In development since at least the summer of 2009, the open-source MASTR-MS laboratory information management system (LIMS) was designed to better handle the data and metadata of metabolomics, the study of an entity's metabolites. In this 2017 paper published in Metabolomics
, the development team of MASTR-MS discuss the current state of their LIMS, how it's being used, and what the future holds for it. They conclude by stating the software's "comprehensive functions and features enable researchers and facilities to effectively manage a wide range of different project and experimental data types, and it facilitate the mining of new and existing [metabolomic] datasets."
When designing something as simple as a menu of laboratory tests into a piece of clinical software, it's relatively easy to not think of the ramifications of the contents of such a menu. In this 2017 article published in BMC Medical Informatics and Decision Making
, Martins et al.
argue that there are consequences to what's included in a laboratory test drop-down menu, primarily that the presence — or lack thereof — of a test type may influence how frequently that test is prescribed. The group concludes that "[r]emoving unnecessary tests from a quick shortcut menu of the diagnosis and laboratory tests ordering system had a significant impact and reduced unnecessary prescription of tests," which in turn led "to the reduction of negative patient effects and to the reduction of unnecessary costs."

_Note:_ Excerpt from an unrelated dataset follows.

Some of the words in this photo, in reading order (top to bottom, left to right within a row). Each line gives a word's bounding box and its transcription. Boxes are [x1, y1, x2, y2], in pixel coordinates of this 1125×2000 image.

In this journal article published in JMIR Medical Informatics
in 2017, Alsaffar et al.
review research from mid-2014 that looked at the state of open-source electronic health record (EHR) systems, primarily via SourceForge. The authors, noting a lack of research concerning the demographics and motivation of open-source EHR projects, present their finding, concluding that "lack of a corporate entity in most F/OSS EHR projects translates to a marginal capacity to market the respective F/OSS system and to navigate [HITECH] certification."
In this 2017 paper published in BMC Bioinformatics
, Eyal-Altman et al.
explain the use and benefits of their KNIME-based cancer outcome analysis software PCM-SABRE (Precision Cancer Medicine - Survival Analysis Benchmarking, Reporting and Evaluation). The group demonstrates its effectiveness by reconstructing the previous work of Chou et al.

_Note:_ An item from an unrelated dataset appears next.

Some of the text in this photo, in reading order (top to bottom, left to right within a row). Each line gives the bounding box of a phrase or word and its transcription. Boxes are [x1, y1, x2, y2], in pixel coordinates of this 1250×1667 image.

and showing how the results necessitate the tool for better reproducibility. The researchers conclude that when used effectively, PCM-Sabre's "resulting pipeline can be shared with others in an intuitive yet executable way, which will improve, if adopted by other investigators, the comparability and interpretability of future works attempting to predict patient survival from gene expression data."
This journal article in PLOS Computational Biology
's long-running Ten Simple Rules
series goes back to 2013, when a collaborative group of eight authors from around the globe pooled their thoughts together on the topic of open science and collaborative R&D. The conversations (linked to in this article) provide context and insight into the various projects — from the Gene Wiki initiative to the Open Source Drug Discovery (OSDD) project — that have required significant deviation of thought from the traditional company view of conducting business. From "lead as a coach, not a CEO" to "grow the commons," the article's authors provide their thoughts on what best makes for collaborative and open science projects.